1) Beer leagues are a good place to get "chippy" with your opponent. With so many fans watching and experienced officials in control, there's no way anyone will go overboard in retaliation.

2) Score as often as possible against weak opponents (rule of thumb: goals count, assists don't). This will impress any scouts who happen to be dropping their kids off for a birthday party.

3) With such a bright spotlight on these games, the only thing more important than padding your stats is looking good doing it. Be sure to purchase brand-new color-coordinated equipment, and celebrate your goals with as much enthusiasm as an NHL player.

4) Don't be afraid to give the refs an earful when they miss a call. That's the only way you'll ever gain their respect, and ensure that future calls go your way.
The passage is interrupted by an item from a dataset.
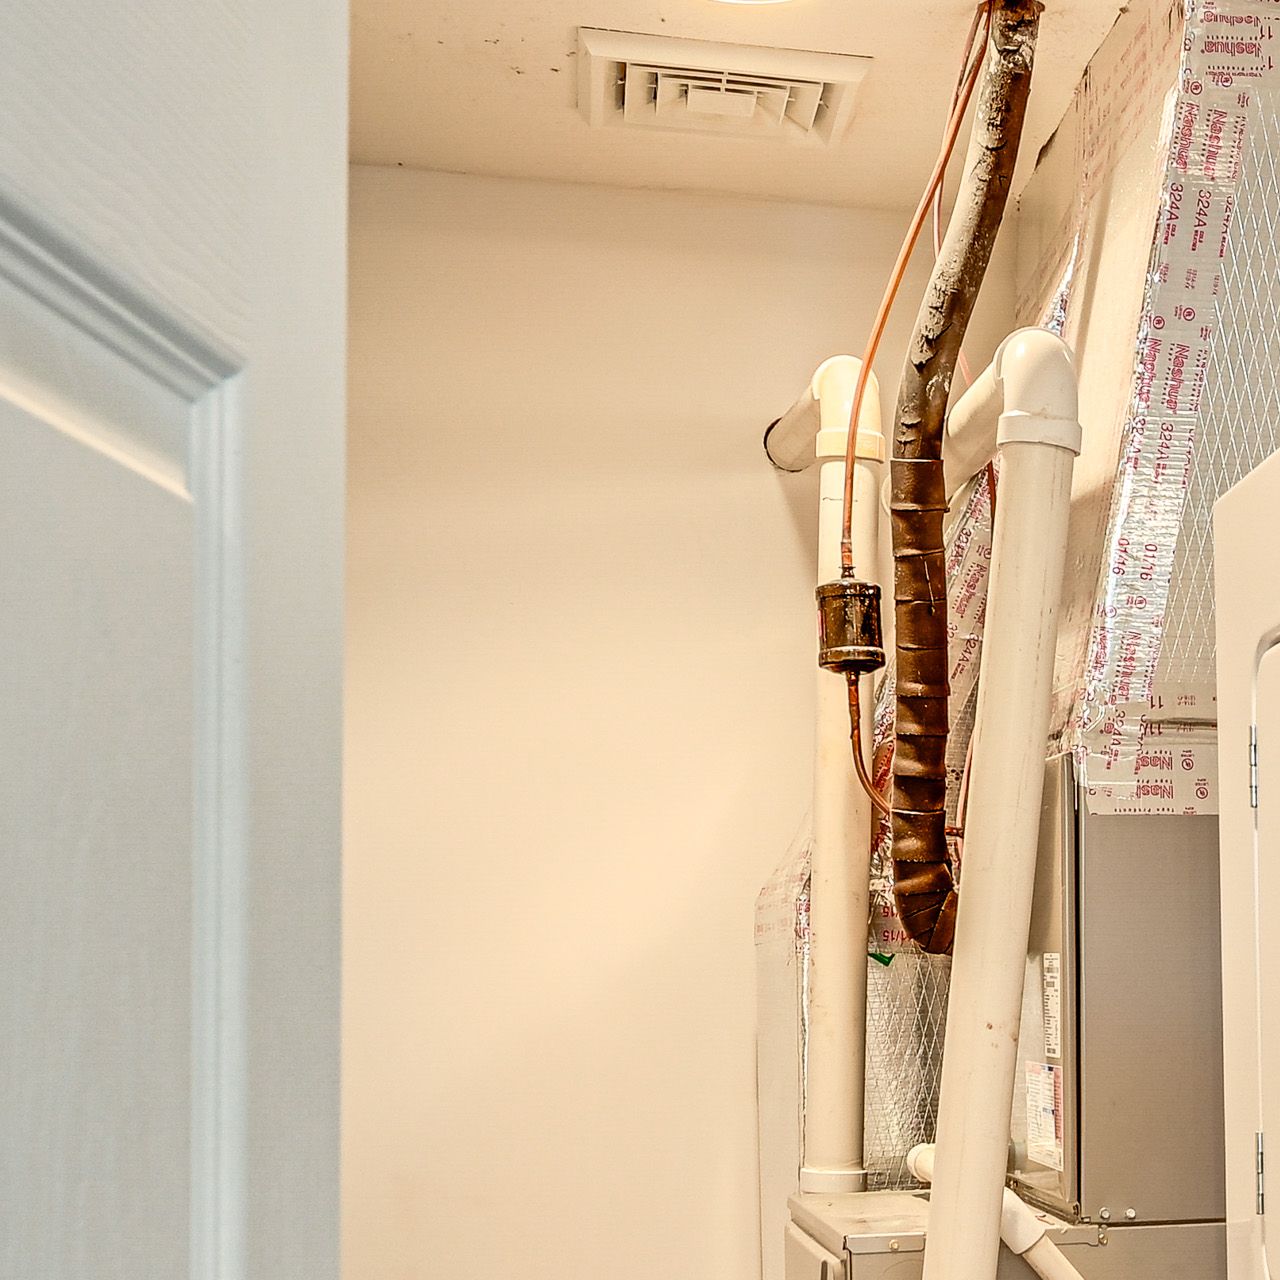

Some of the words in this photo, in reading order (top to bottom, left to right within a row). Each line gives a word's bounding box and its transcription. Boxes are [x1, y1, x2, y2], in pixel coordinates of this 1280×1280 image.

5) Much like the NHL, ice time is distributed on the basis of skill. If a player comes off the ice, he is admitting that someone else should be taking the majority of the ice time from now on.

6) Encourage your friends to show up and cheer loudly for you throughout the game. They may even be able to help you by heckling the other team.

7) "Non contact" is more of a guideline than a rule. Nobody should seriously expect to go into the corners or slot without getting bodychecked. This is hockey, after all.

8) As a budding beer league star, your time is best devoted to offense. Try to stay a step behind the trailing defenseman at all times, looking for a breakout pass.

9) Tip for scoring extra goals: bump the goalie frequently, and try to jam rebounds through his pads and into the net.

10) Never, ever volunteer to bring the beer.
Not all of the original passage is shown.